** Opening Supplied material block **

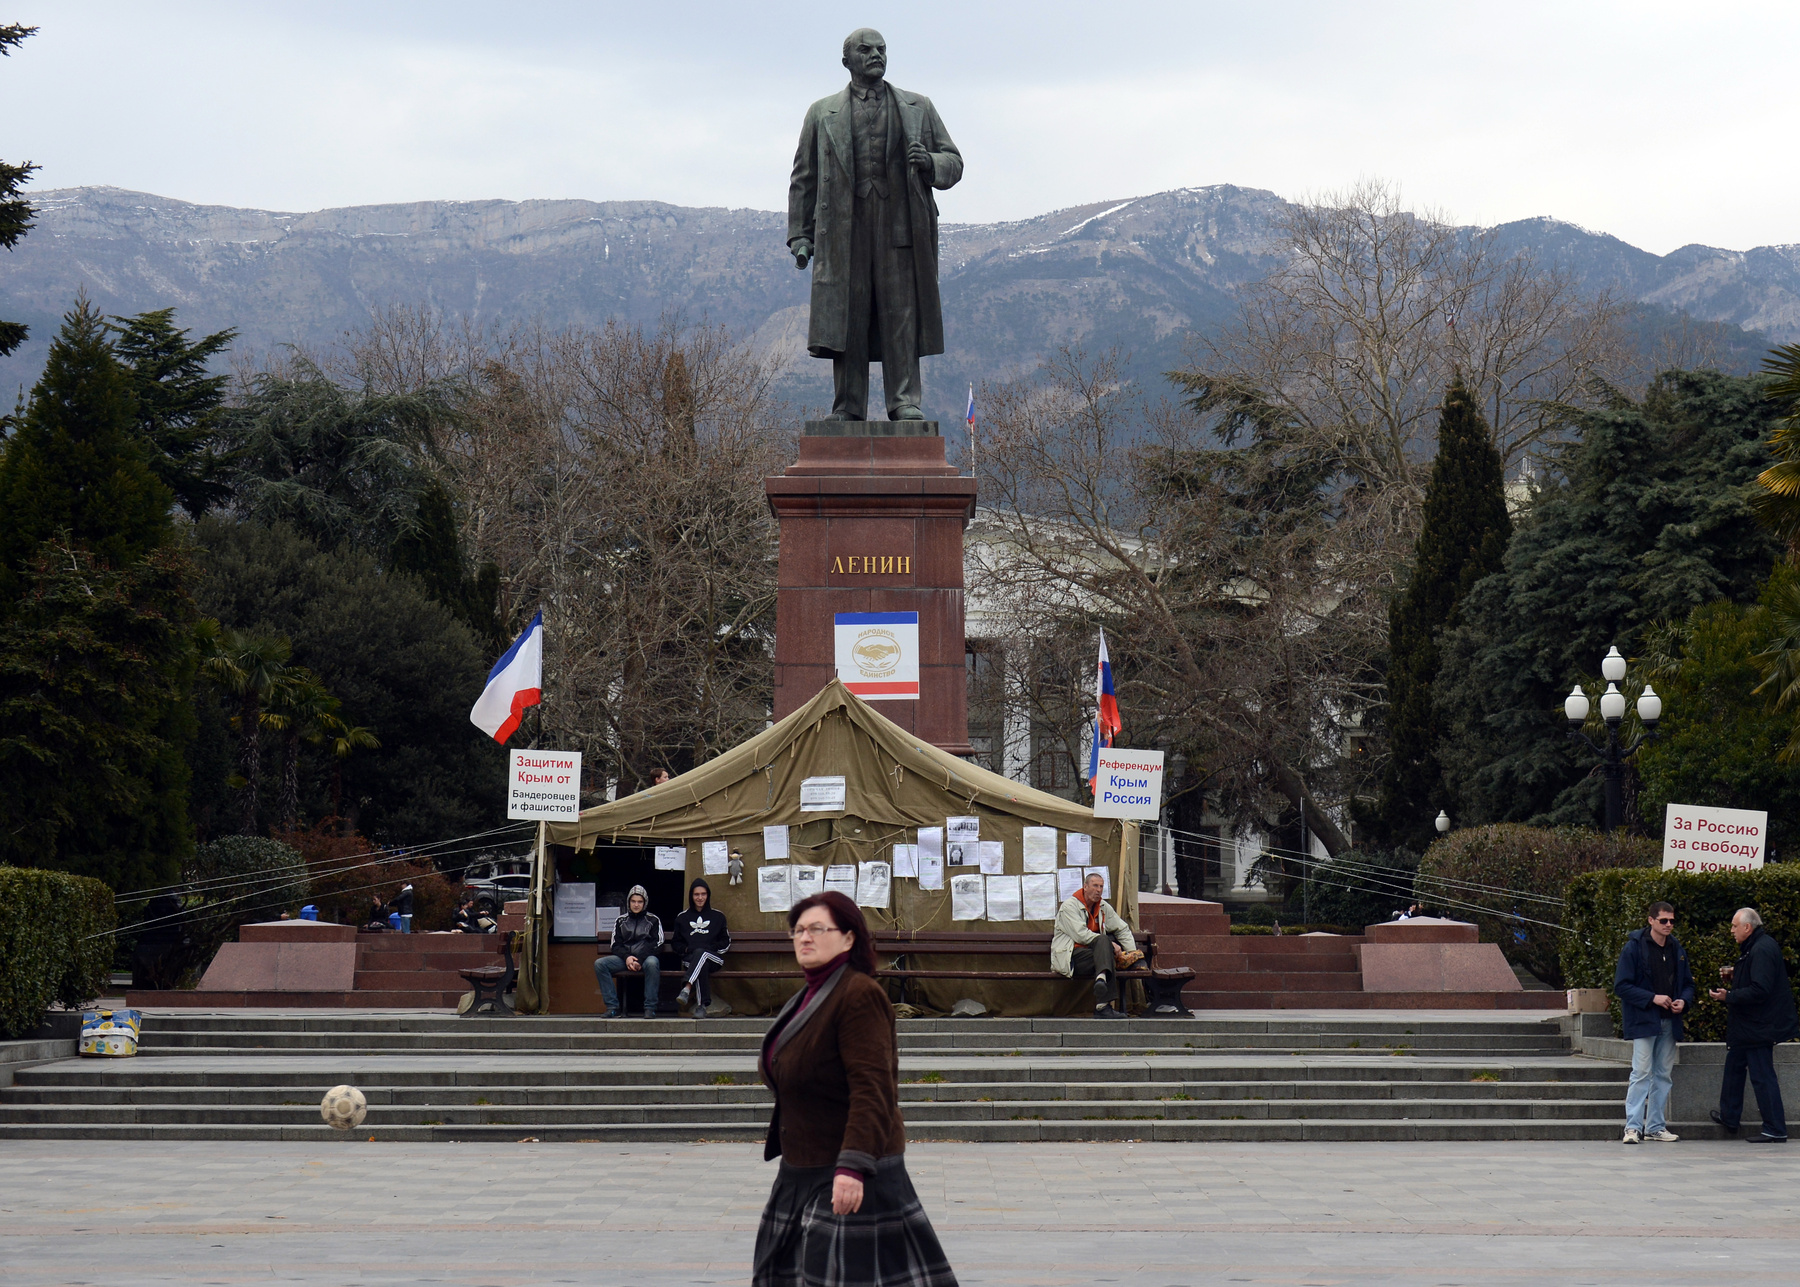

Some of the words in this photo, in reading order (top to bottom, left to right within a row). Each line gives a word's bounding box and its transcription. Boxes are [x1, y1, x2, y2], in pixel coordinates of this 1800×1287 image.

[831, 556, 910, 573] ЛЕНИН
[857, 628, 896, 638] НАРОДНОЕ
[859, 668, 896, 679] ЕДИНСТВО
[516, 755, 573, 769] Защитим
[1099, 759, 1162, 772] Референдум
[518, 771, 553, 784] Крым
[557, 775, 571, 784] от
[1110, 775, 1148, 789] Крым
[512, 790, 576, 801] Бандеровцев
[1104, 791, 1151, 805] Россия
[520, 802, 576, 813] фашистов!
[1673, 817, 1692, 830] За
[1698, 819, 1759, 836] Россию
[1670, 839, 1686, 849] за
[1691, 840, 1760, 858] свободу
[1676, 859, 1696, 870] до

** Closing Supplied material block **

What is being asked
Please copy out the whole listing exactly, minus its pictures.

Response area
Some of the words in this photo, in reading order (top to bottom, left to right within a row). Each line gives a word's bounding box and its transcription. Boxes are [x1, y1, x2, y2], in pixel coordinates of this 1800×1287 image.

[831, 556, 910, 573] ЛЕНИН
[857, 628, 896, 638] НАРОДНОЕ
[859, 668, 896, 679] ЕДИНСТВО
[516, 755, 573, 769] Защитим
[1099, 759, 1162, 772] Референдум
[518, 771, 553, 784] Крым
[557, 775, 571, 784] от
[1110, 775, 1148, 789] Крым
[512, 790, 576, 801] Бандеровцев
[1104, 791, 1151, 805] Россия
[520, 802, 576, 813] фашистов!
[1673, 817, 1692, 830] За
[1698, 819, 1759, 836] Россию
[1670, 839, 1686, 849] за
[1691, 840, 1760, 858] свободу
[1676, 859, 1696, 870] до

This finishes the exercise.